Mais aujourd’hui, l’heure n’est plus à la tolérance. Plus du tout. Ces médecins seraient environ 500, devait préciser le directeur Frédéric Van Roekeghem à l’AFP, et leur attitude génèrerait une facture de 100 millions d’euros de trop, à la charge de l’assurance maladie. Il s’agit donc d’un nouvel épisode dans la chasse au NS, mais la menace semble aujourd’hui plus crédible puisqu’elle se situe dans le contexte du plan de rigueur de 10 milliards d’euros en trois ans, imposé à l’assurance maladie par le gouvernement Valls. Pour le directeur général, il s’agit d’envoyer “un signal” sans ambiguïté aux réfractaires de la substitution.

Cette déclaration a suscité un véritable tollé dans la profession.

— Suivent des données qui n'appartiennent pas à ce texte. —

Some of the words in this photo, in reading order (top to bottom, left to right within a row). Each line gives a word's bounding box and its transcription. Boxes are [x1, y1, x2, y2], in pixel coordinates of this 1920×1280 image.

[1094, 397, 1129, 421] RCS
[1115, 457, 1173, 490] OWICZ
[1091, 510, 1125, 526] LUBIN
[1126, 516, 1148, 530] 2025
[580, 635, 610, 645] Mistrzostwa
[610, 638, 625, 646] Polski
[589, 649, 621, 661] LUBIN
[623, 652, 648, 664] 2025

Car, souligne la CSMF, l’usage de la mention ‘non substituable’ constitue un droit fondamental et est réservé à des cas « exceptionnels, dans l’intérêt du patient compte tenu de son état de santé et pour certains produits comme par exemple les médicaments antirejets, les antiépileptiques ou les antithyroïdiens pour des raisons très spécifiques et de dosage, mais aussi en cas de réaction inattendue du patient à un produit génériqué”.

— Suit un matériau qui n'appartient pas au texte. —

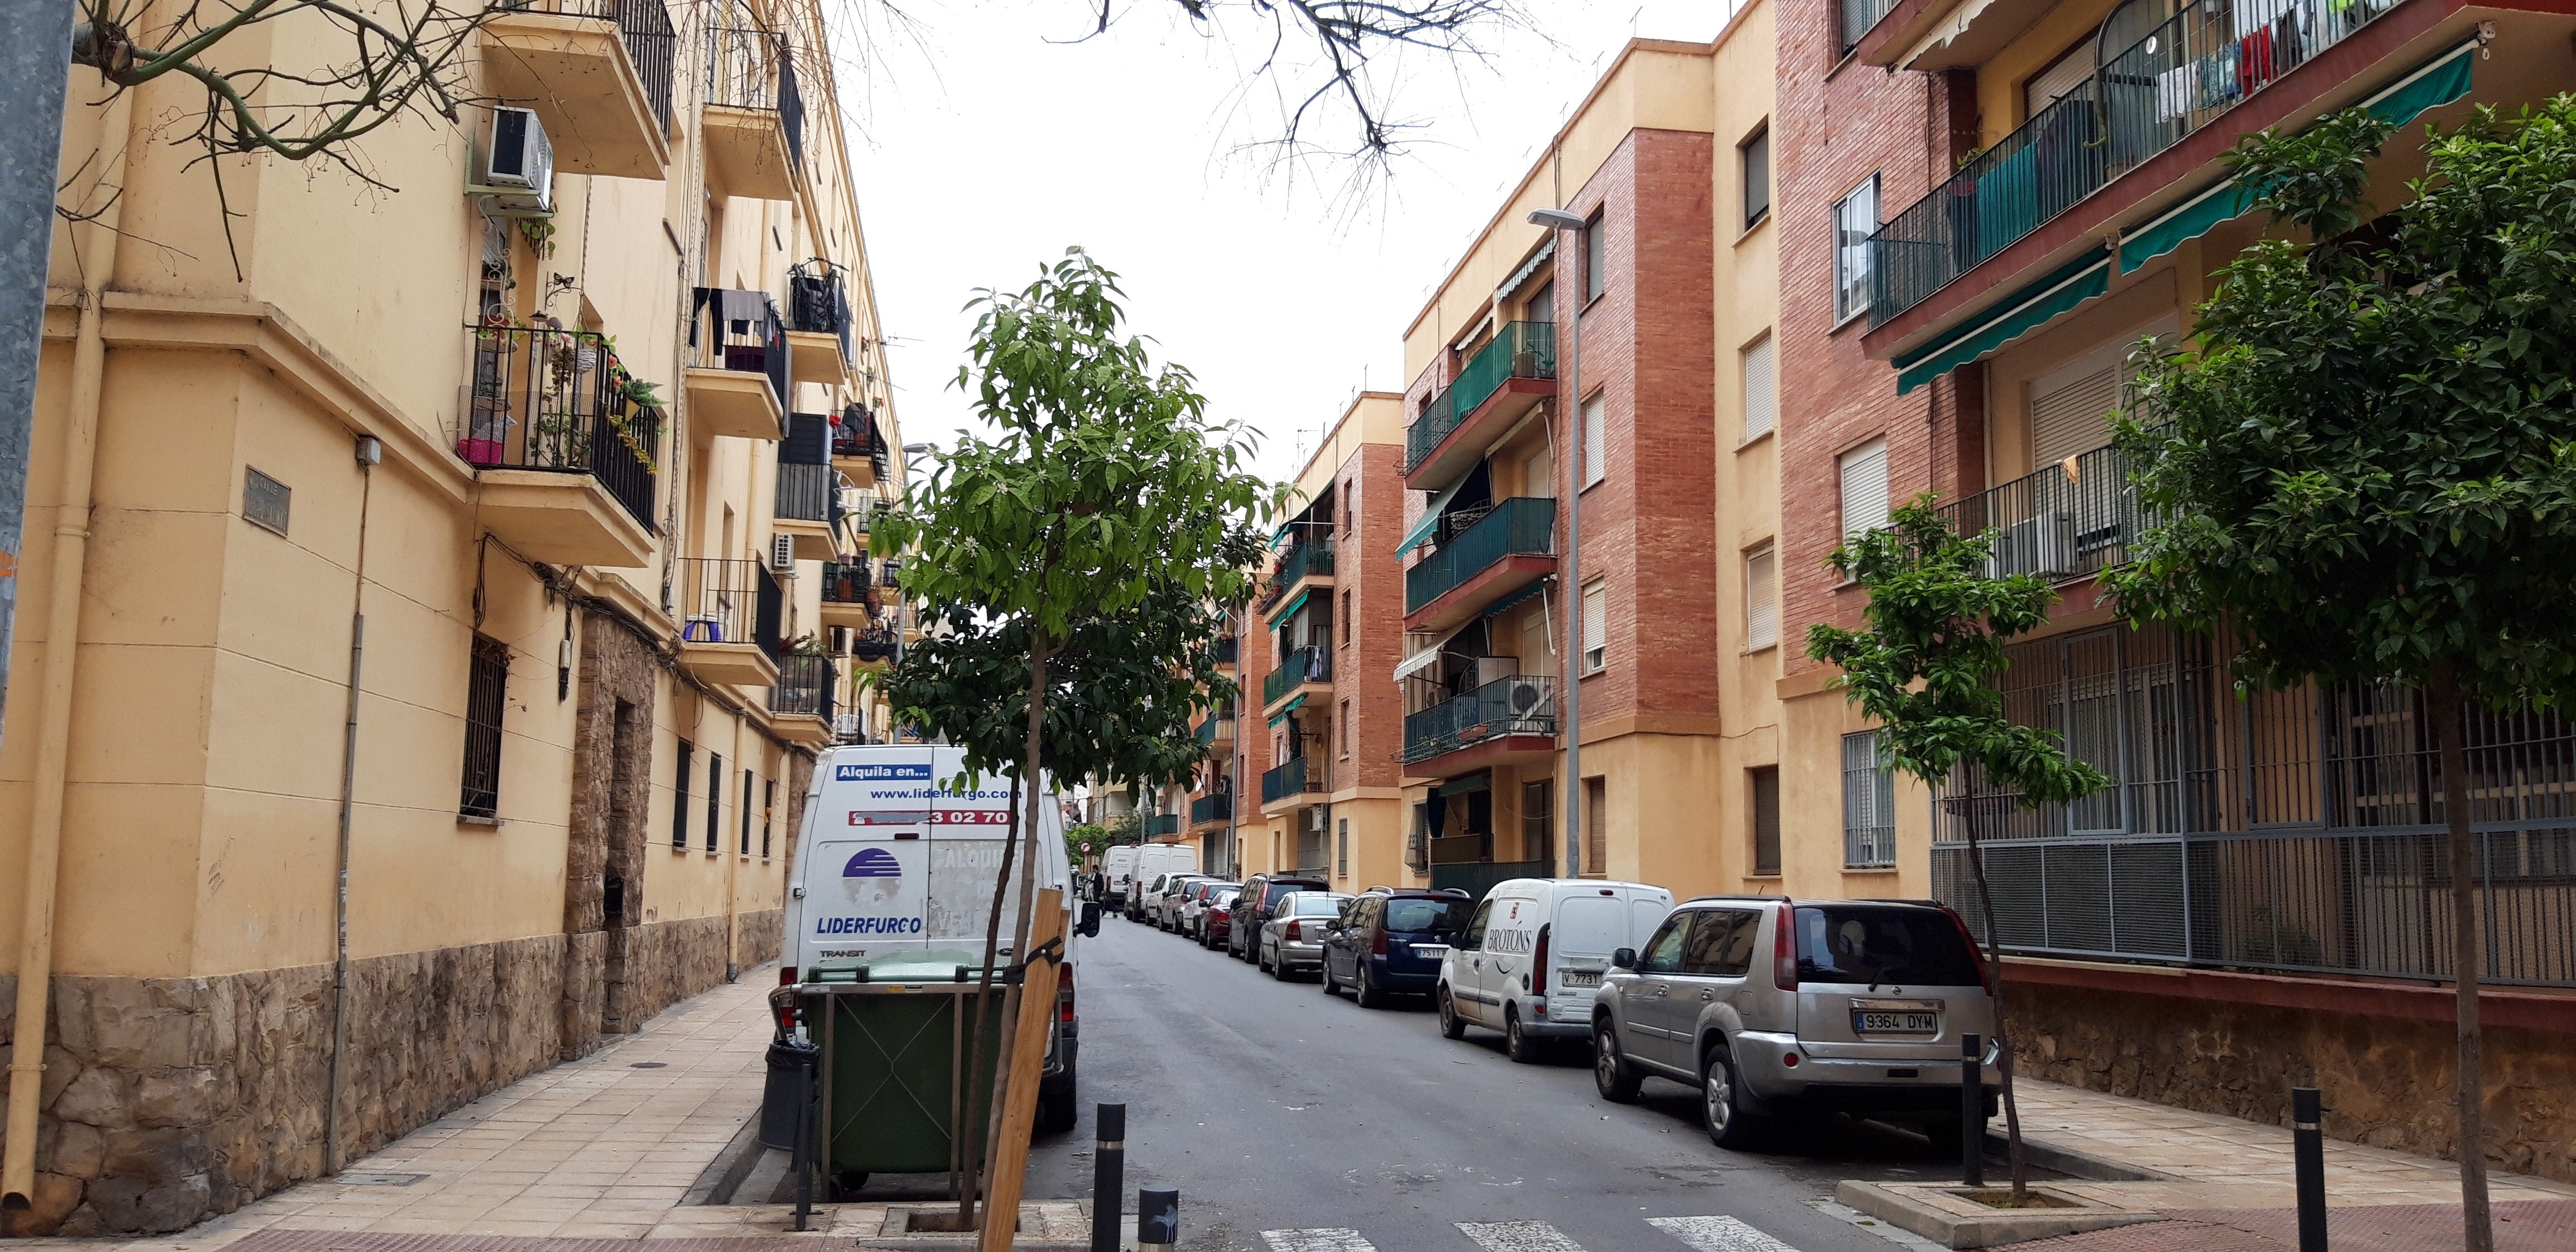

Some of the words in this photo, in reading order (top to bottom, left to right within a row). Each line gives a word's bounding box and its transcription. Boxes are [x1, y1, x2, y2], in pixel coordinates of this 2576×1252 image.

Le Dr Luc Duquesnel, président de l’UNOF-CSMF, reprend cet argumentaire en soulignant que “la vraie vie sur le terrain” c’est d’avoir en face de soi un patient qui refuse le générique “au motif qu’il génère des effets secondaires”. Une demande qu’il faut bien prendre en compte après avoir mis en place une fenêtre thérapeutique – alternance princeps, générique – permettant de constater l’apparition ou non d’effets secondaires sous générique. “Mais de toutes manières, le doute doit bénéficier au patient. Car sinon, il change de médecin”, expose le Dr. Duquesnel. Une attitude raisonnable, qui ne peut être comparée à celle des médecins “qui sont dans une posture, et s’opposent aux génériques par principe”. Pour le président de l’UNOF-CSMF, “on a le droit d’avoir un doute, et il faut aussi écouter les gens qui sont dans une posture, tout comme les opposants aux vaccins”. Ce qu’annonce vouloir faire le directeur de la CNAM, compare-t-il, c’est mettre tout le monde dans le même panier, “comme pour les dépassements d’honoraires.”

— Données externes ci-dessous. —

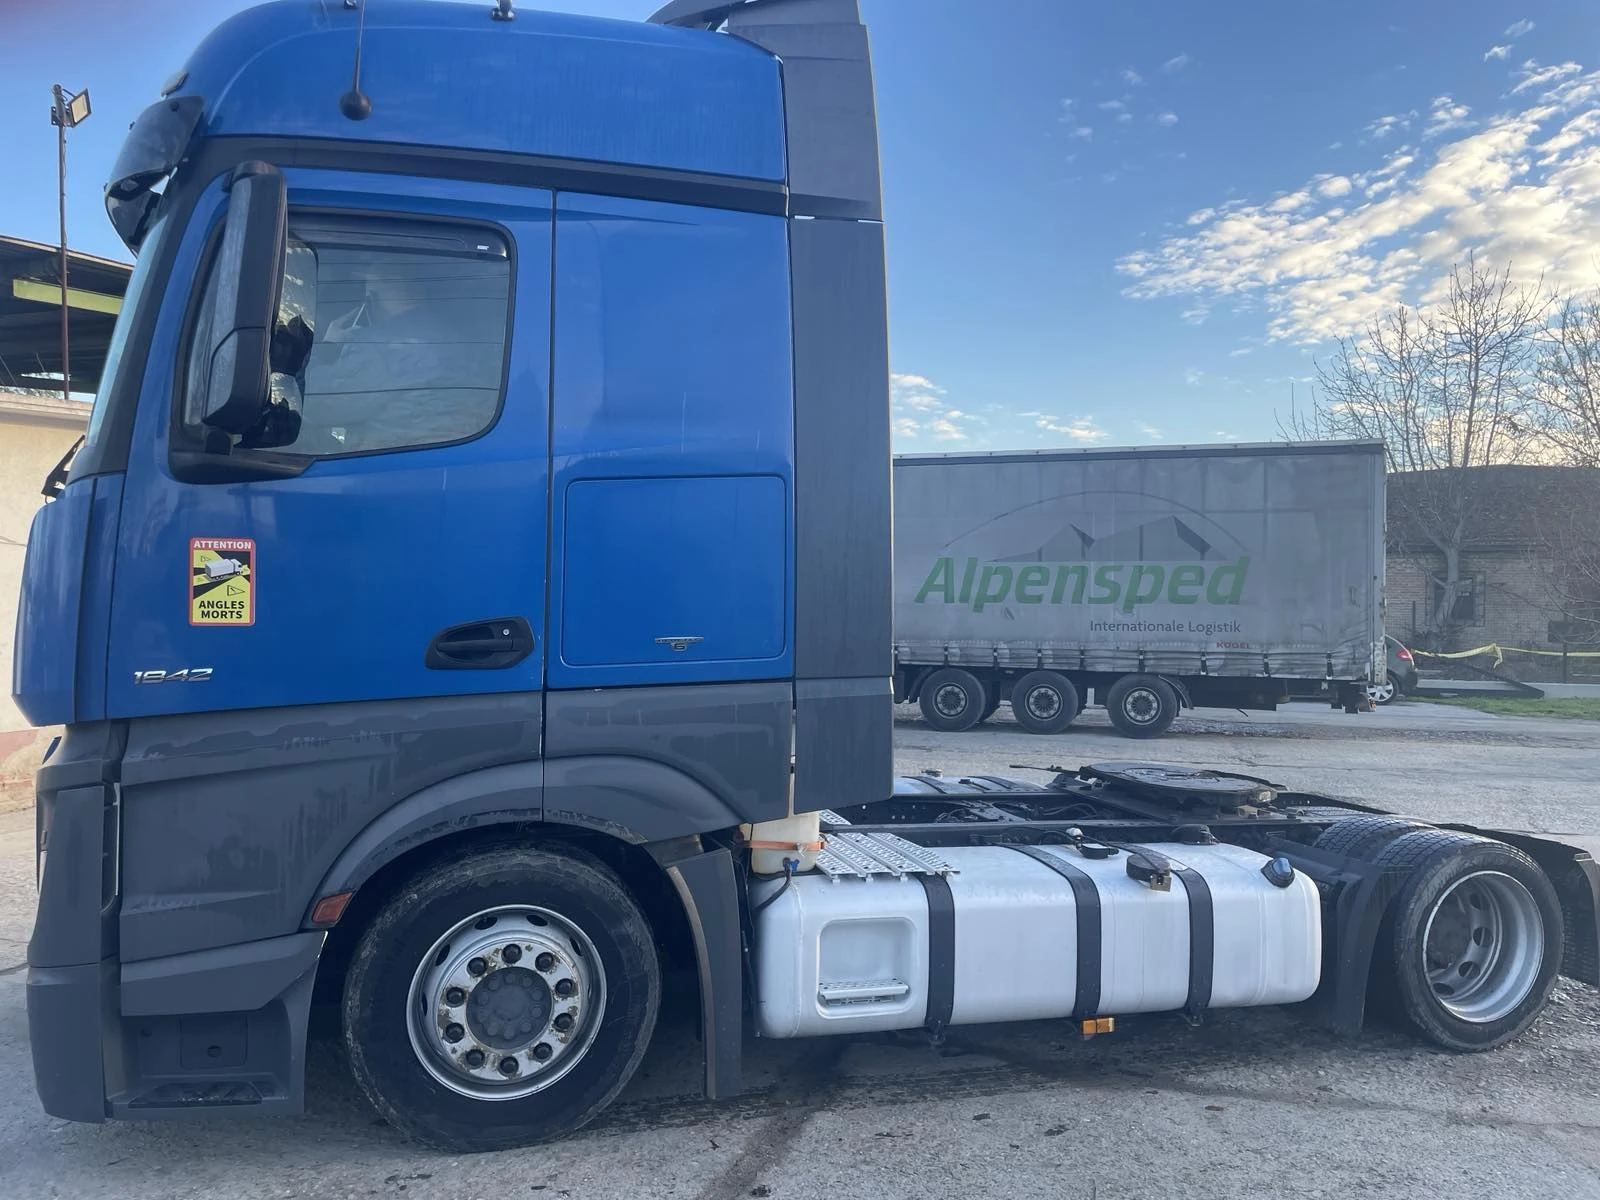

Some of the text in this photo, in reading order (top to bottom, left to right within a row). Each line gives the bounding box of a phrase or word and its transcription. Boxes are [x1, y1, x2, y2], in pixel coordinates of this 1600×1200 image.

Il n’empêche que le président de l’UNOF-CSMF annonce quelques épisodes hauts en couleurs si d’aventure, Frédéric Van Roeckehgem passait de l’intention à l’action. “On va s’amuser, faire monter les patients pour nous soutenir…“ prédit-il. Idéal, pour animer la campagne électorale pour les élections aux unions professionnelles…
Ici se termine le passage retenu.